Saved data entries
※ ※ ※

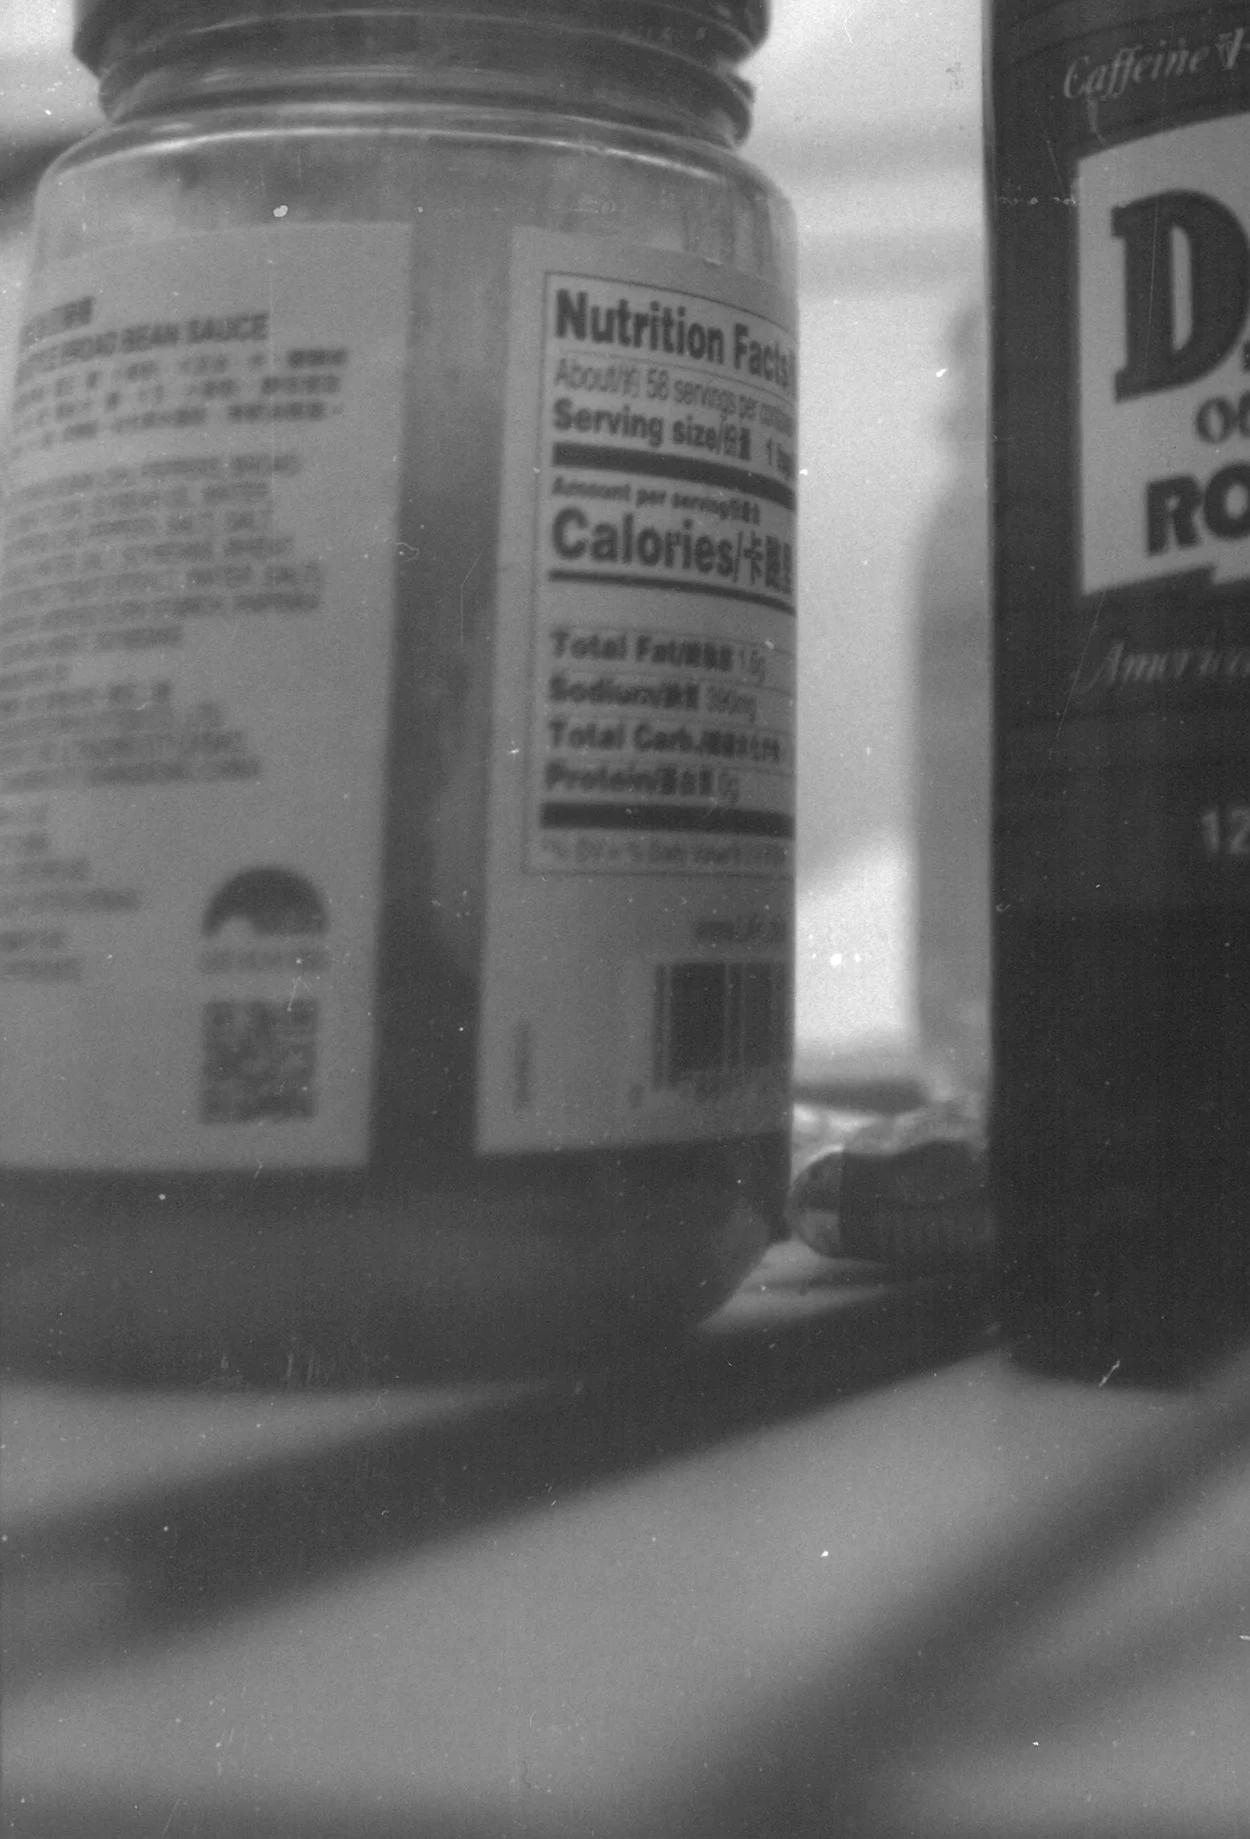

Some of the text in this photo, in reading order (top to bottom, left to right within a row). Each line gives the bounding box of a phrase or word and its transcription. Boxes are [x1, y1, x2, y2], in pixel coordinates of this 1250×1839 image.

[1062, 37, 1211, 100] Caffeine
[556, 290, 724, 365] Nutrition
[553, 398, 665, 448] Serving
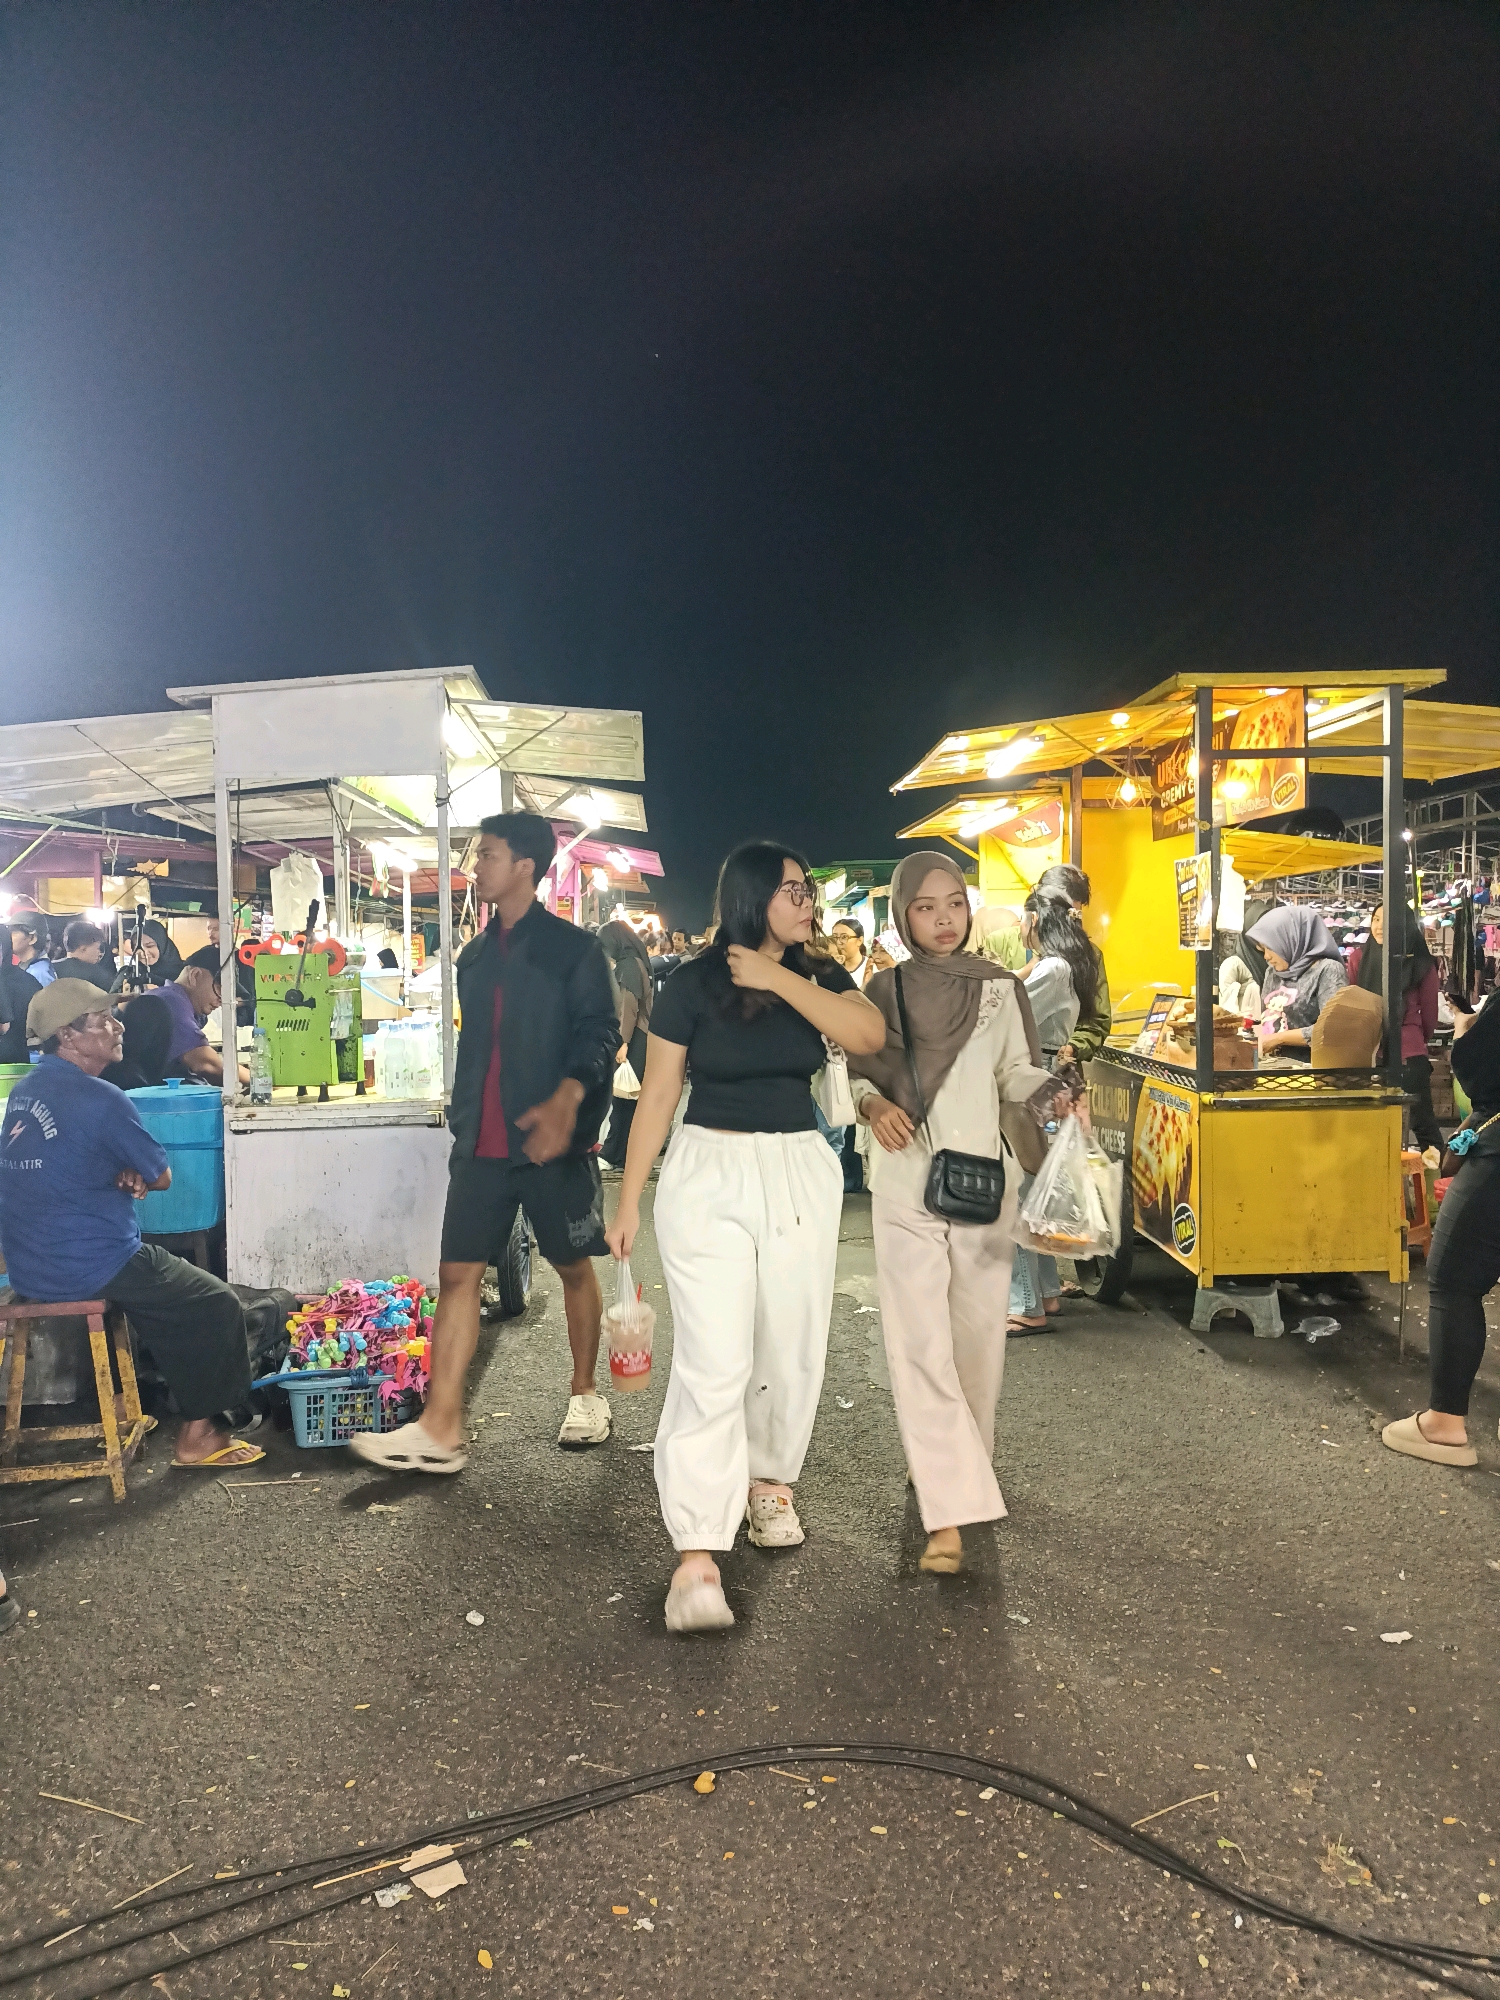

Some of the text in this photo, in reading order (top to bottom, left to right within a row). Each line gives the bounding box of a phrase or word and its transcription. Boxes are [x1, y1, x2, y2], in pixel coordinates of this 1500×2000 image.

※ ※ ※

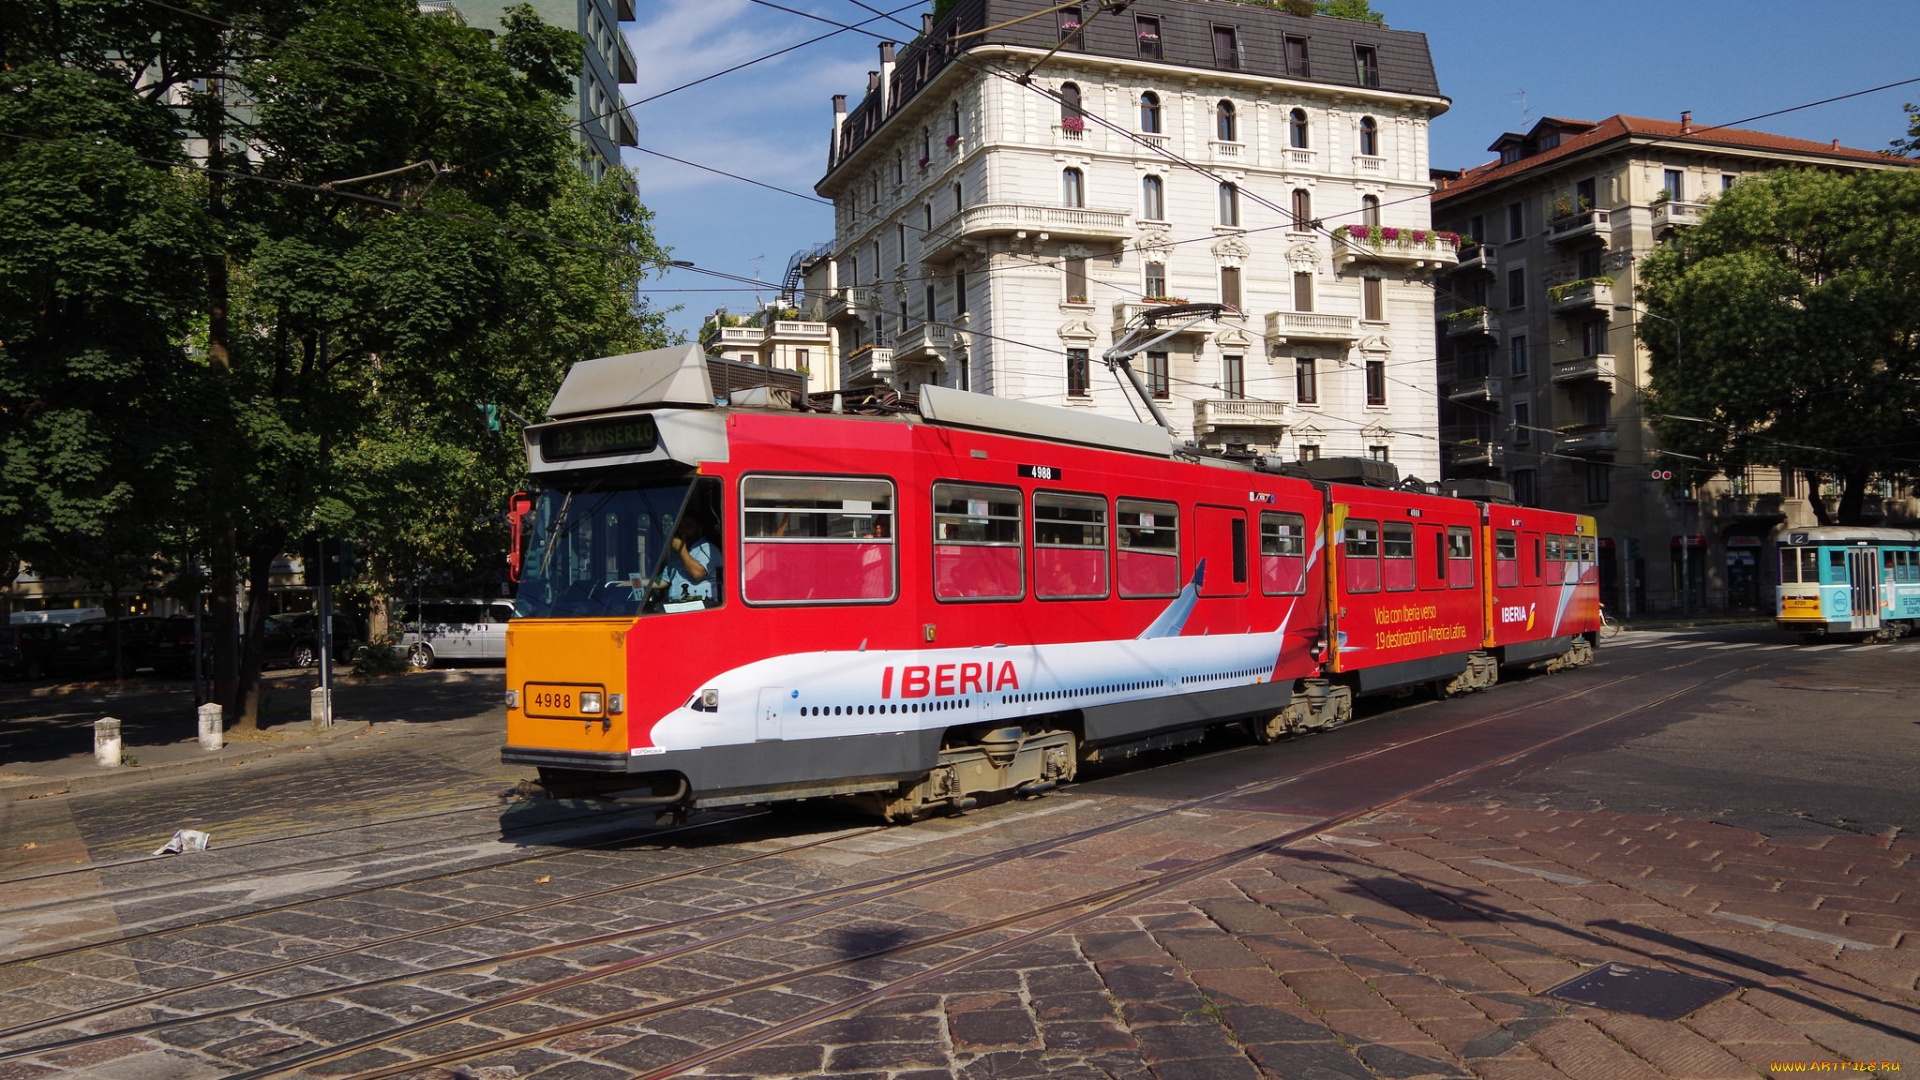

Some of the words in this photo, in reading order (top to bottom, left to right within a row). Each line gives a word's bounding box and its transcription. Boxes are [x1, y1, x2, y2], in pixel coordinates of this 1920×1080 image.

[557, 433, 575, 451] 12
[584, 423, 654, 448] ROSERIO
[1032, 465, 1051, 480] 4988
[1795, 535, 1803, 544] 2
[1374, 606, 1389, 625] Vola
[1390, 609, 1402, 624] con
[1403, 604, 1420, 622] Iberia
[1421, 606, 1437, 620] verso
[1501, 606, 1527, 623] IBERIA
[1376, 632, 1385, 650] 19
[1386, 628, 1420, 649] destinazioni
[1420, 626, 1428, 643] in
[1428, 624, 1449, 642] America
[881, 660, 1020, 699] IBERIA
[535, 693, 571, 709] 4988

※ ※ ※

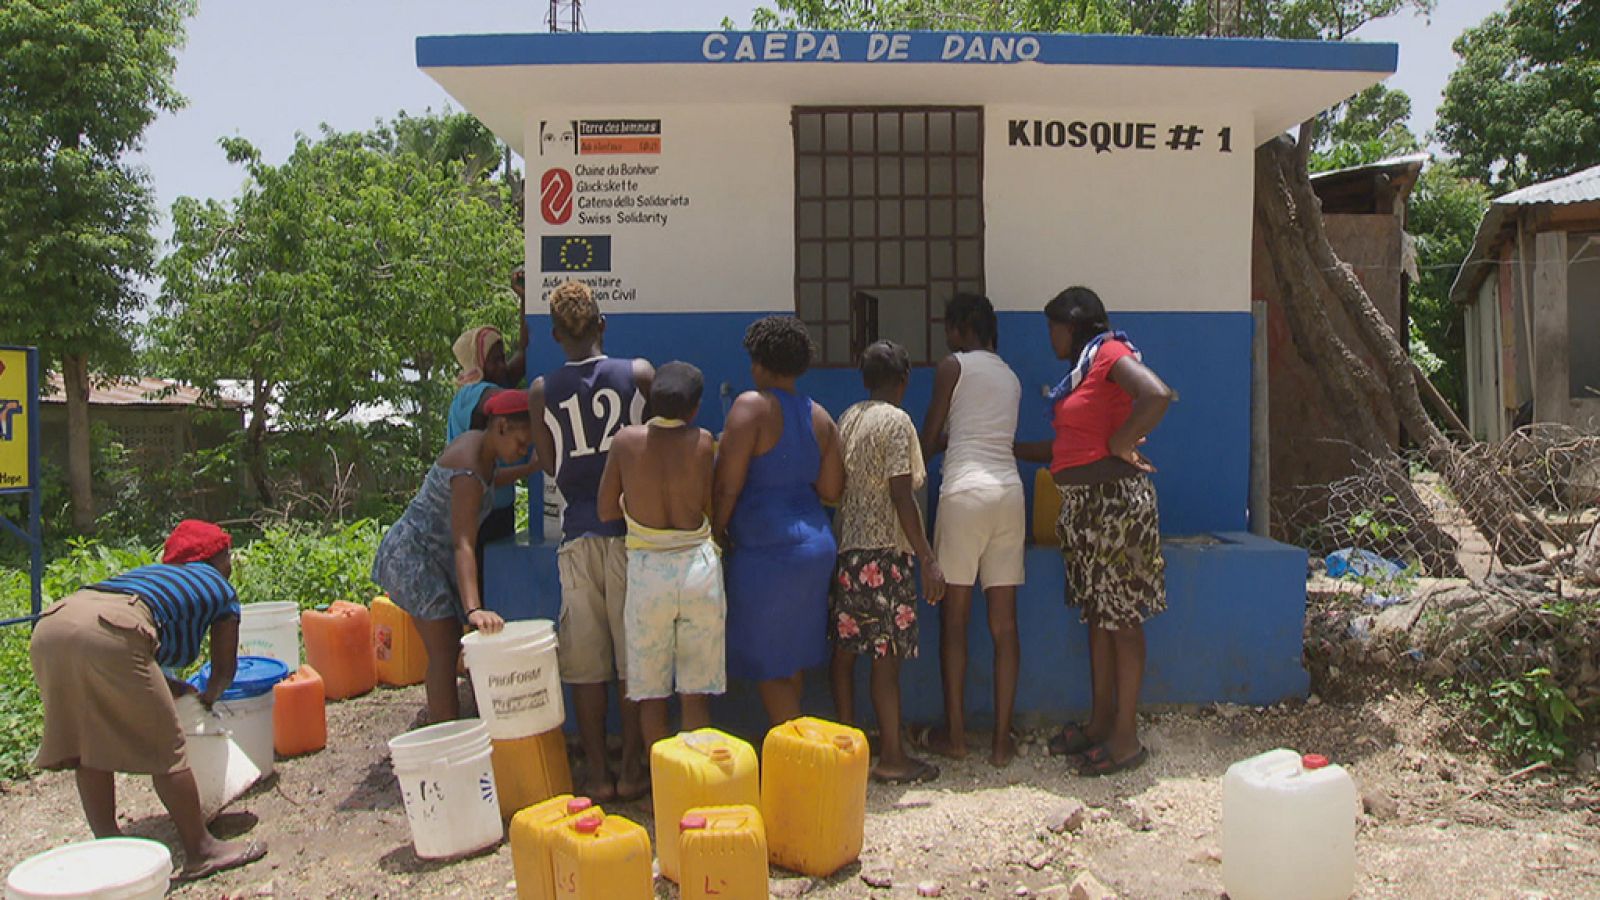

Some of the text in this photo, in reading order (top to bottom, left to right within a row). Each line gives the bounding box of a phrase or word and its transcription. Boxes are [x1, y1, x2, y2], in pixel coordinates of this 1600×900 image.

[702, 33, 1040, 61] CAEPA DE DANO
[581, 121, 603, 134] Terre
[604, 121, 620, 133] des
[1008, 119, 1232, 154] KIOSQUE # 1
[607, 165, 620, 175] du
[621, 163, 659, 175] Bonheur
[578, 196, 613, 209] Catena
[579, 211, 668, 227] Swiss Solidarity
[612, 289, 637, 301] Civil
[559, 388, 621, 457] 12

※ ※ ※

WORK ITEM: Return only the stretch above from the line containing "this 1250×1839 image." through the line containing "this 1500×2000 image.", word for word and without pictures.

WRITTEN RESPONSE:
Some of the text in this photo, in reading order (top to bottom, left to right within a row). Each line gives the bounding box of a phrase or word and its transcription. Boxes are [x1, y1, x2, y2], in pixel coordinates of this 1250×1839 image.

[1062, 37, 1211, 100] Caffeine
[556, 290, 724, 365] Nutrition
[553, 398, 665, 448] Serving

Some of the text in this photo, in reading order (top to bottom, left to right within a row). Each line gives the bounding box of a phrase or word and its transcription. Boxes are [x1, y1, x2, y2], in pixel coordinates of this 1500×2000 image.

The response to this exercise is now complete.